In connection with the Placing, Zeus Capital and/or any of their respective affiliates, acting as investors for their own accounts, may subscribe for or purchase Ordinary Shares and in that capacity may retain, purchase, sell, offer to sell or otherwise deal for their own accounts in such Ordinary Shares and other securities of the Company or related investments in connection with the Placing or otherwise. Accordingly, references in the Admission Document to the Ordinary Shares being offered, subscribed, acquired, placed or otherwise dealt in should be read as including any offer to, or subscription, acquisition, placing or dealing by Zeus Capital, and/or any of their respective affiliates acting as investors for their own accounts. In addition, Zeus Capital and/or their respective affiliates may enter into financing arrangements and swaps in connection with which Zeus Capital and/or their respective affiliates may from time to time acquire, hold or dispose of Ordinary Shares.
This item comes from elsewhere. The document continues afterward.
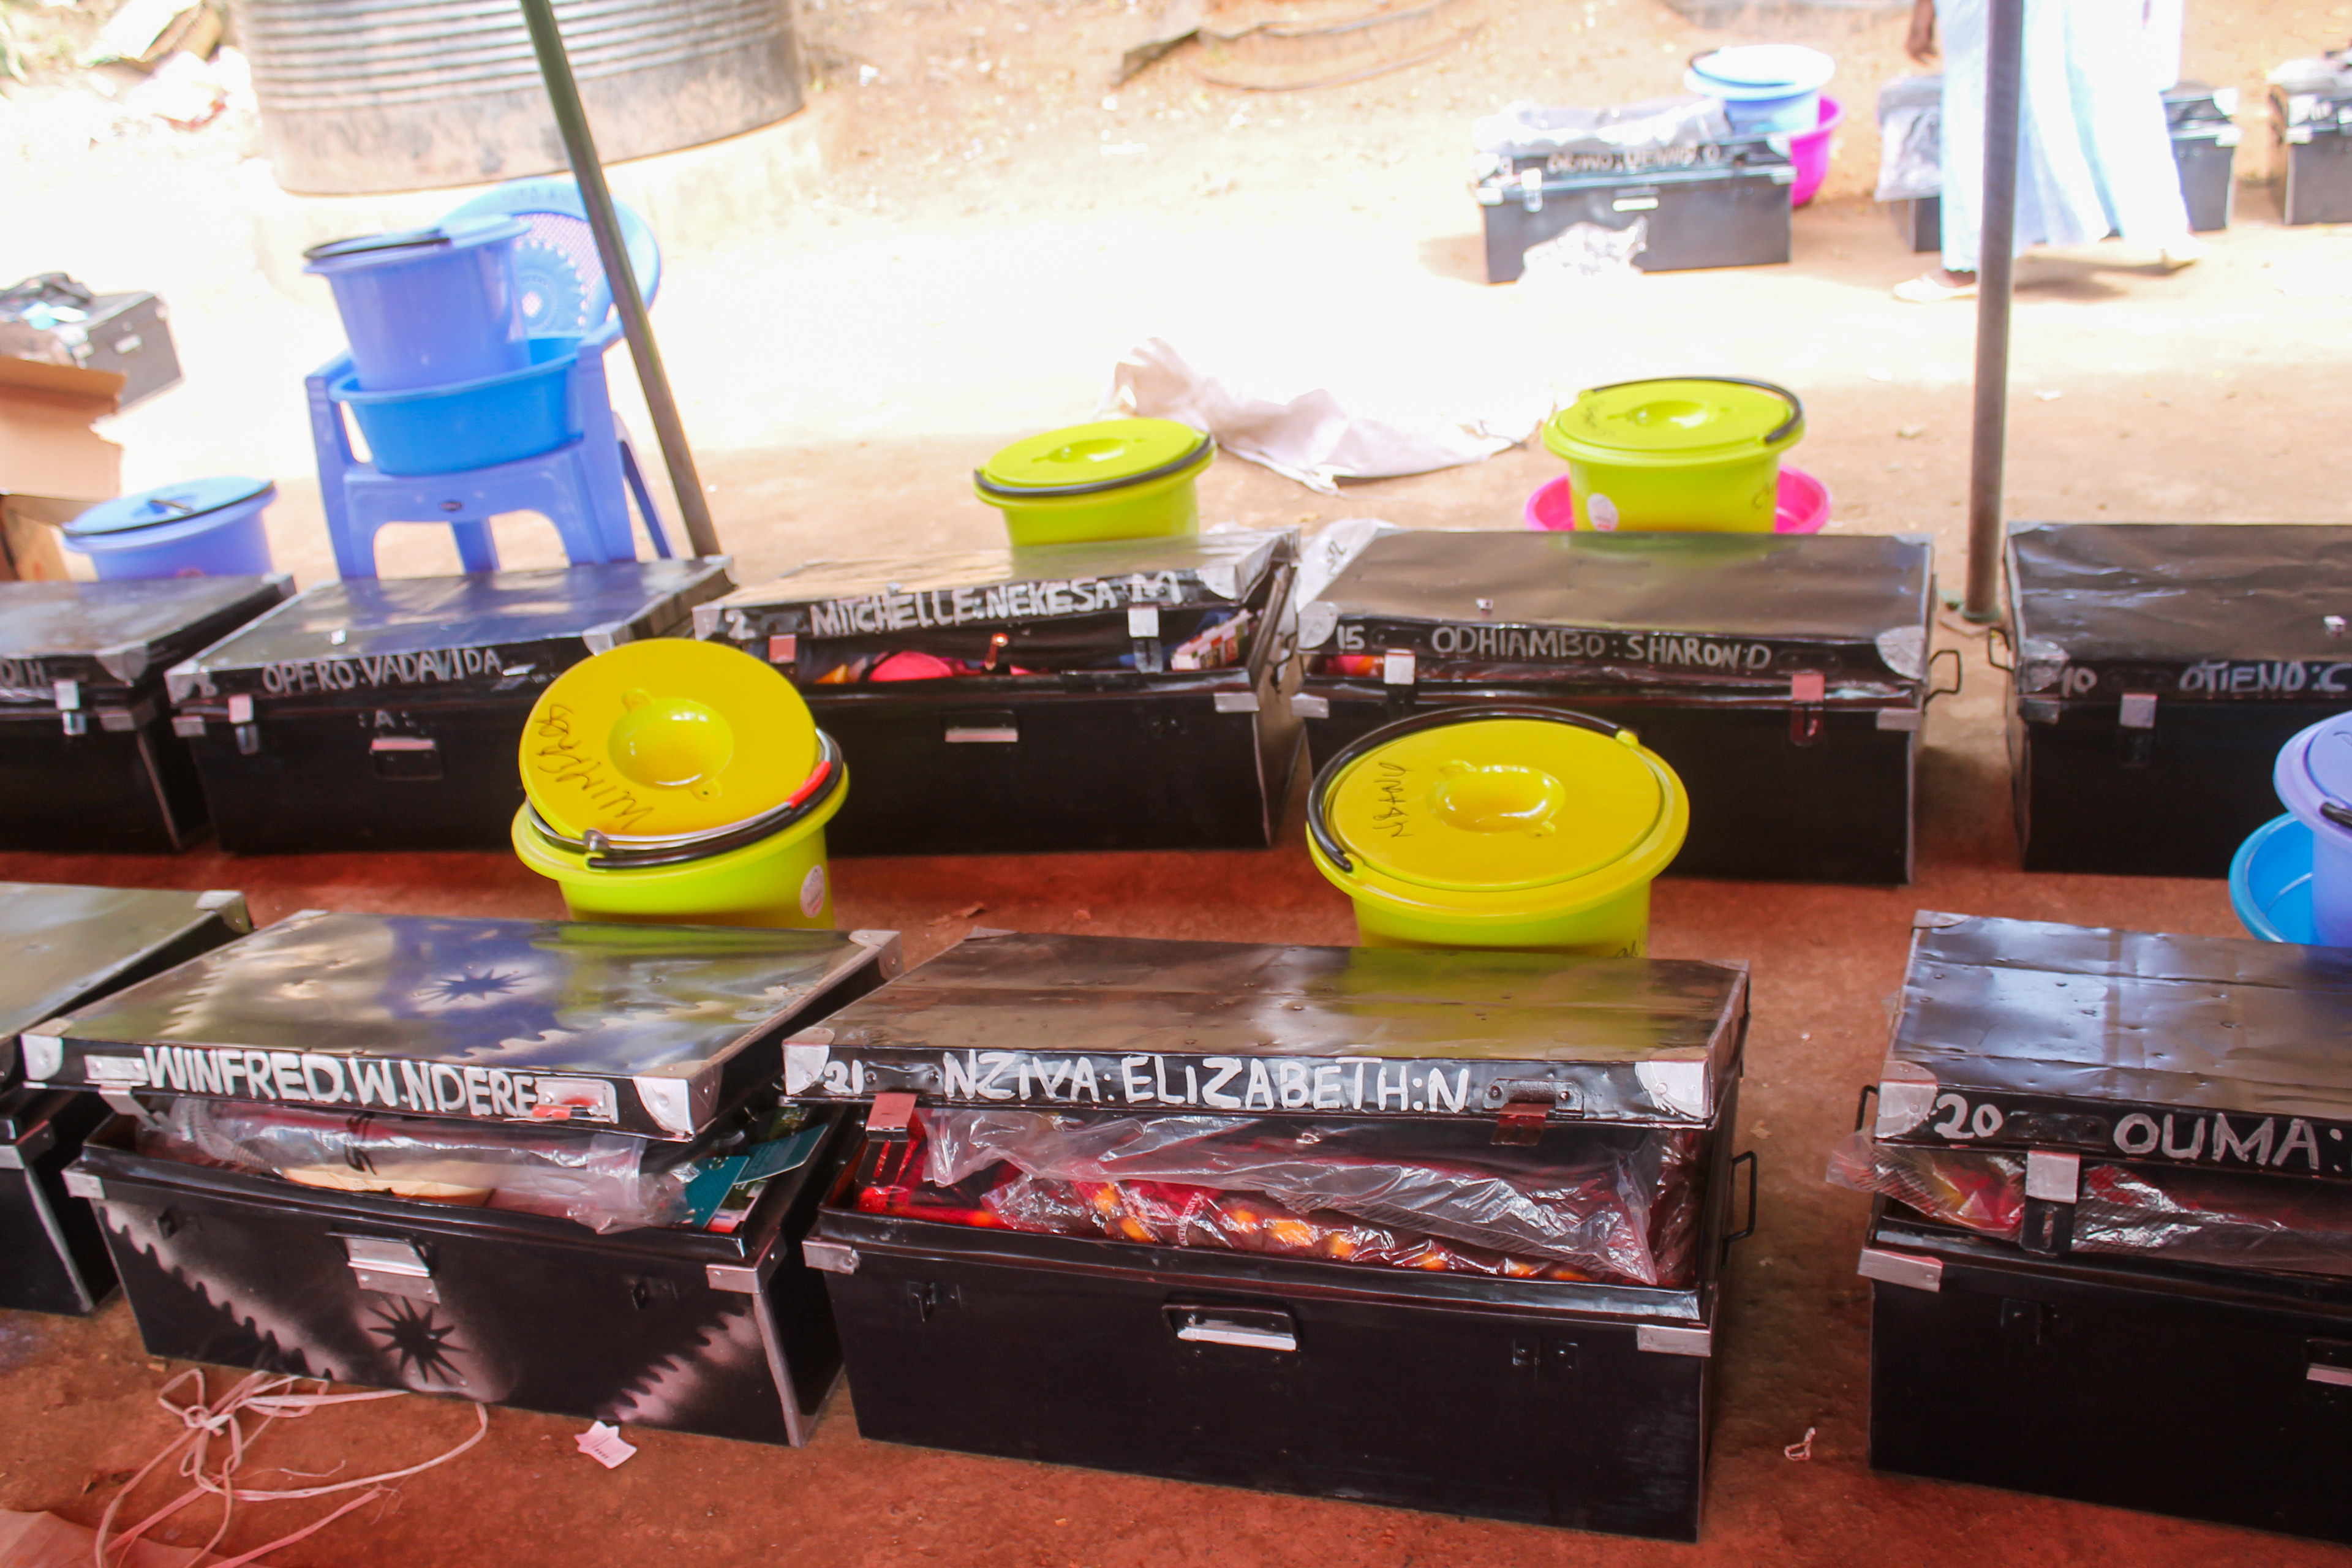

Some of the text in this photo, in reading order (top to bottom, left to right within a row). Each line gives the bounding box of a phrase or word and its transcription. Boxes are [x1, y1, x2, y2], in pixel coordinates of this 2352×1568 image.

[1335, 624, 1365, 650] 15
[823, 1059, 864, 1096] 21
[1933, 1093, 2005, 1139] 20
Zeus Capital has no any intention to disclose the extent of any such investment or transactions otherwise than in accordance with any legal or regulatory obligations to do so.
Zeus Capital, which is authorised and regulated by the Financial Conduct Authority in the United Kingdom, is acting exclusively for the Company and no one else in connection with the Placing and Admission and will not be responsible to anyone other than the Company for providing the protections afforded to its clients or for providing advice in relation to the Placing and Admission or any other matters referred to in this announcement.
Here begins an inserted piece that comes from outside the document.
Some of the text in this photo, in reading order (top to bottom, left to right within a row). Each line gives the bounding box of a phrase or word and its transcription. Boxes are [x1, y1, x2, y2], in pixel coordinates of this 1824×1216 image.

Neither Zeus Capital nor any of their respective subsidiary undertakings, affiliates or any of their respective partners, directors, officers, employees, advisers, agents or any other person accepts any responsibility or liability whatsoever for, or makes any representation or warranty, express or implied, as to the truth, accuracy, completeness or fairness of the information or opinions in this announcement (or whether any information has been omitted from the announcement) or any other information relating to the Company, its subsidiaries or associated companies, whether written, oral or in a visual or electronic form, and howsoever transmitted or made available or for any loss howsoever arising from any use of this announcement or its contents or otherwise arising in connection therewith.
The price of shares and any income expected from them may go down as well as up and investors may not get back the full amount invested upon disposal of the shares. Past performance is no guide to future performance, and persons needing advice should consult an independent financial adviser.
Neither the content of the Company's website nor any website accessible by hyperlinks on the Company's website is incorporated in, or forms part of, this announcement.
Certain figures in this announcement, including financial information, have been subject to rounding adjustments. Accordingly, in certain instances, the sum or percentage change of the numbers contained in this announcement may not conform exactly with the total figure given.